Over the last month, the importance of having faith has been coming up again and again for me. Not religious faith, but faith in life. Faith in myself and in the knowledge that I will be able to handle the hurdles of life as they come.
In our contemporary culture, we often undervalue intuitive knowledge. We are expected to quantify everything, and anything that cannot be translated into a number – dollars earned, pounds lost, etc. – is not considered valuable. This has an extremely detrimental impact upon our ability to trust ourselves. When making decisions in life, analysis will only get us so far. We may write down all the positives and negatives of a particular decision but still find ourselves at a loss.
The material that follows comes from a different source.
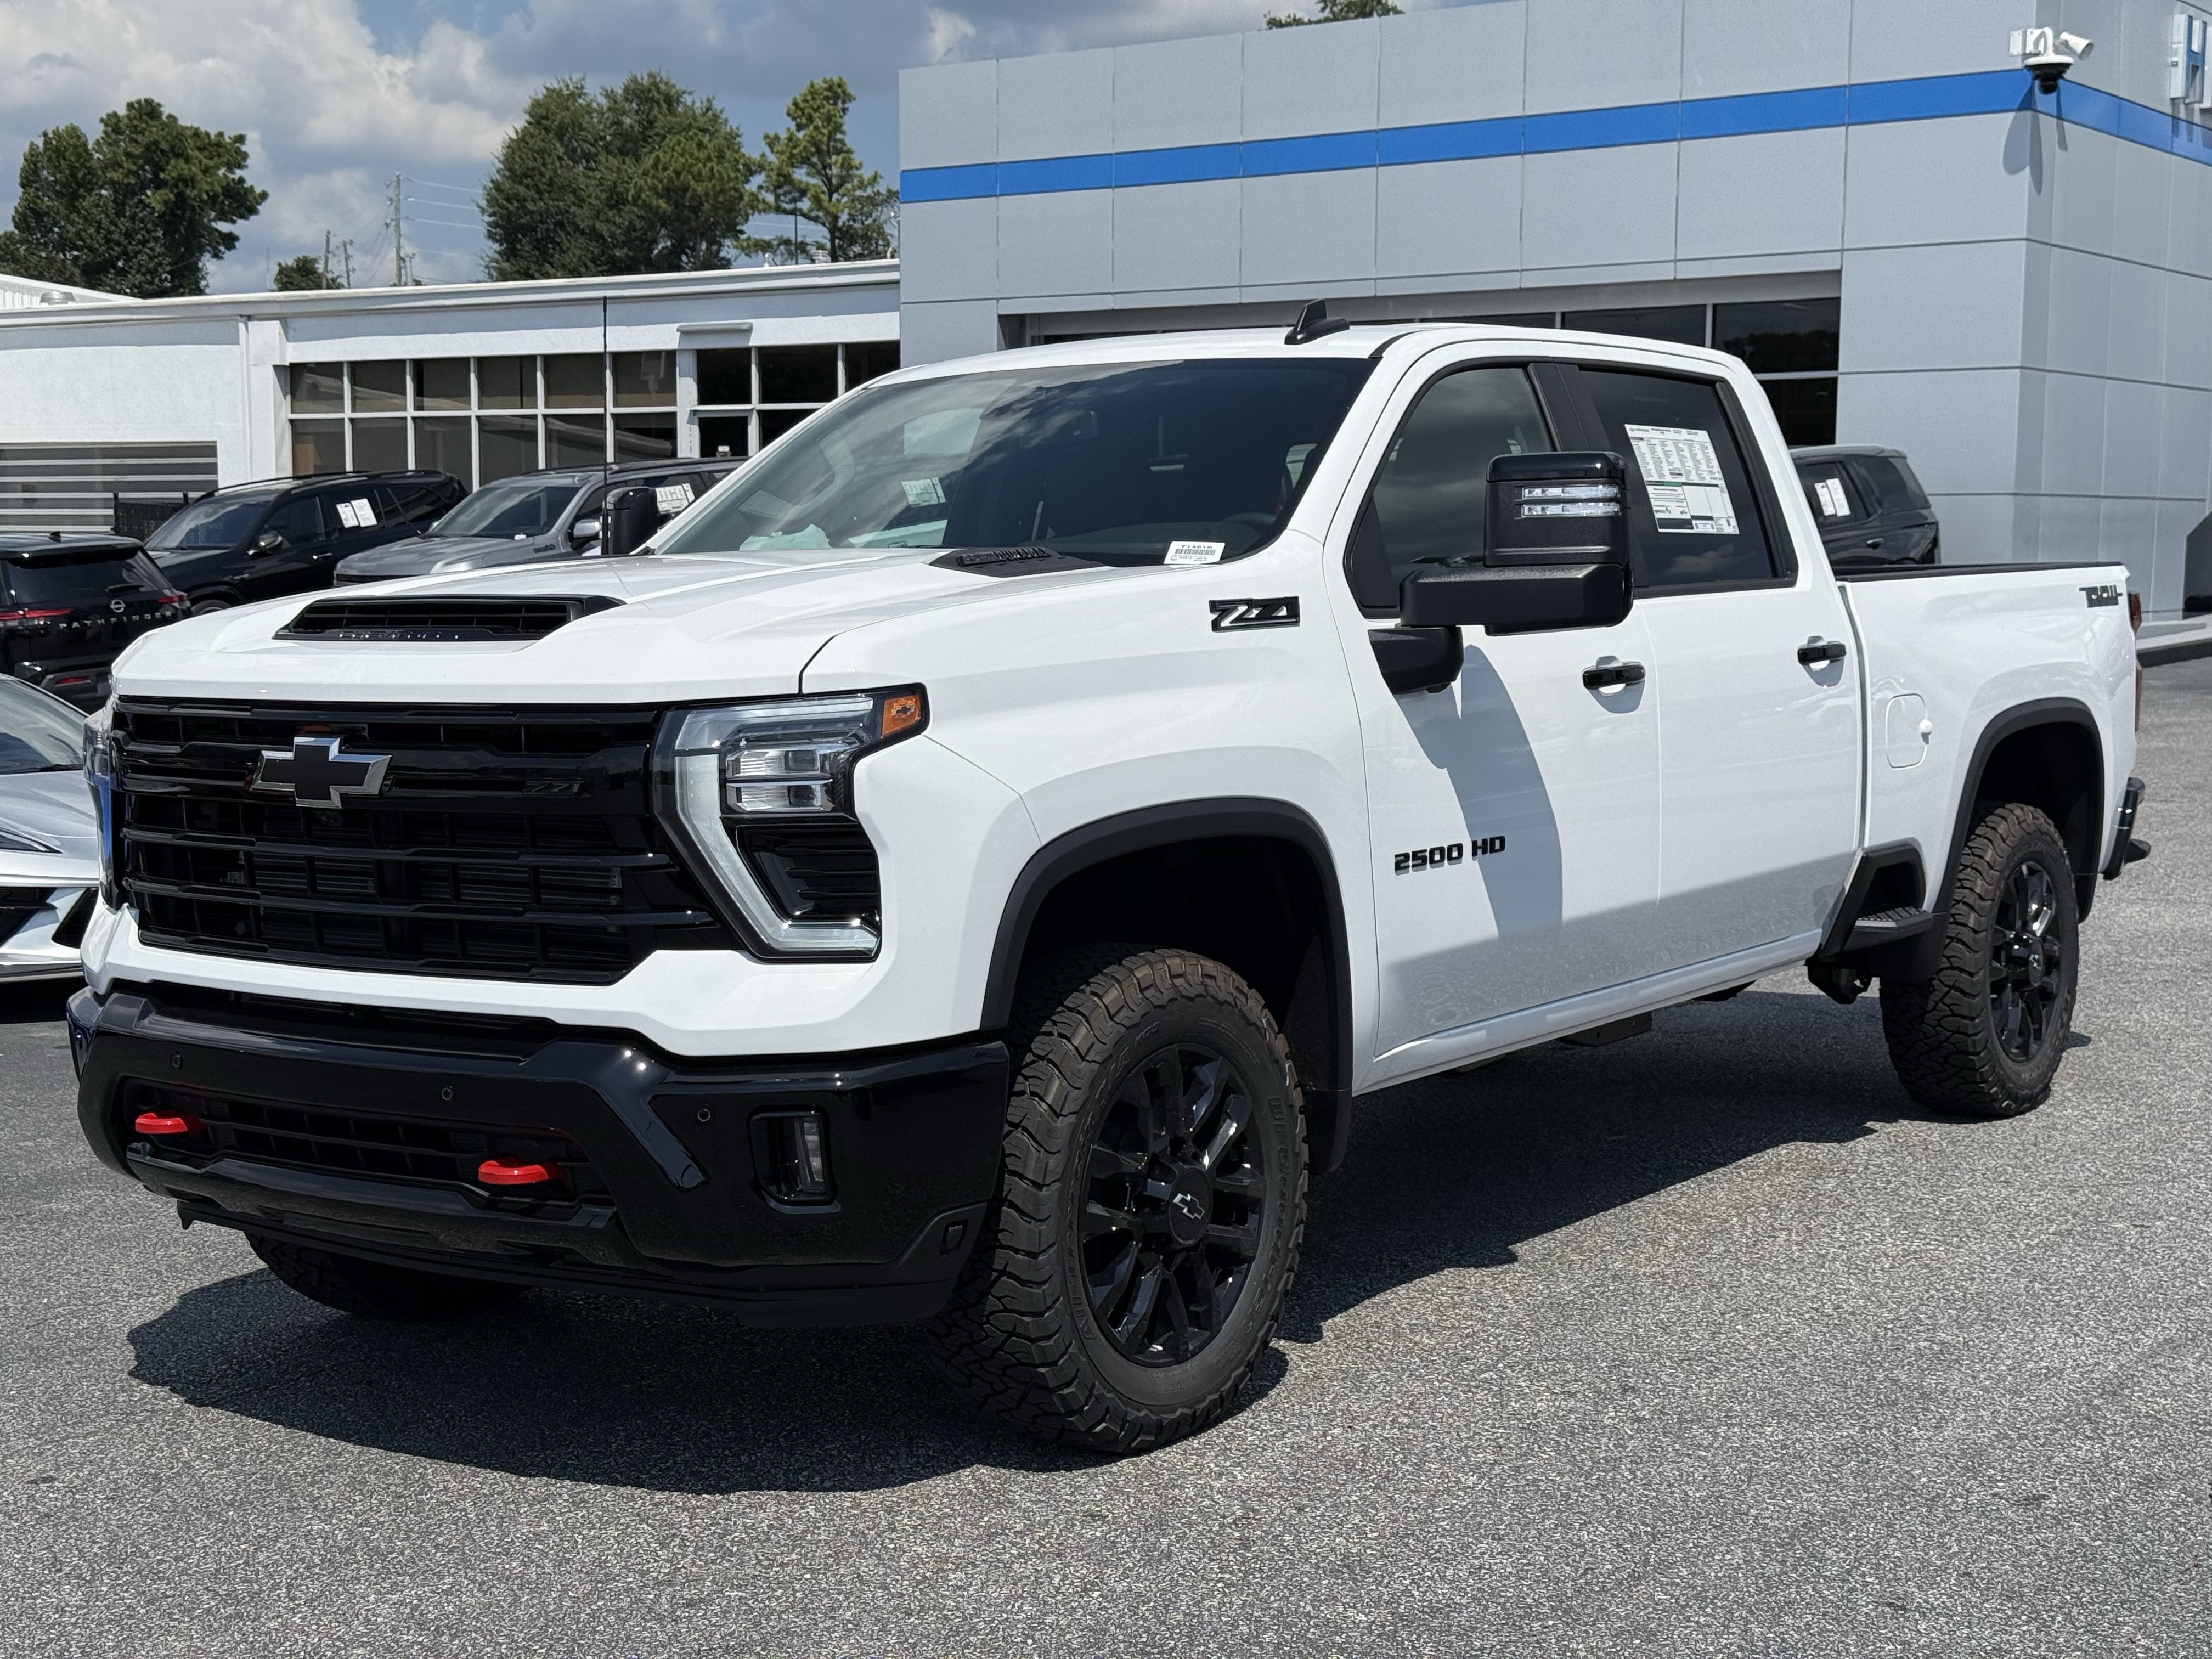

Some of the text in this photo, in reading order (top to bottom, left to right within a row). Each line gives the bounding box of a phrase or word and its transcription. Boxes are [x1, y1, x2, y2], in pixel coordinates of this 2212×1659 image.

This is where faith comes in. When making decisions in life – whether it’s choosing what career path to follow, what city to live in, or whom to let into our hearts – informing ourselves is important. But after we have analyzed all of the facts, the final choice often comes down to intuition – a rather indefinable feeling that emanates somewhere in our gut. We each have a higher wisdom that knows what is right for us, but we are often too afraid to listen to it.
Faith cannot be quantified, so we are often afraid of appearing foolish for making a decision simply because it feels right. But more often than not (though not always, of course) listening to that feeling is the most sensible course of action.
It is easy to misunderstand faith. Listening to that feeling in your gut doesn’t mean just acting on an uninformed impulse. In fact, intuition is the opposite of impulsiveness. Intuition is a wisdom that includes but also transcends the quantifiable, whereas impulsiveness is the act of making a decision without thinking it through or listening to any kind of wisdom. Intuitive knowledge sometimes comes to us more quickly than quantifiable knowledge, however, so it is often confused with impulsiveness.
In a society that values the concrete and easily defined, it is not always easy to have faith in our intuitive knowledge. But it is imperative that we do so if we hope to lead lives of authenticity.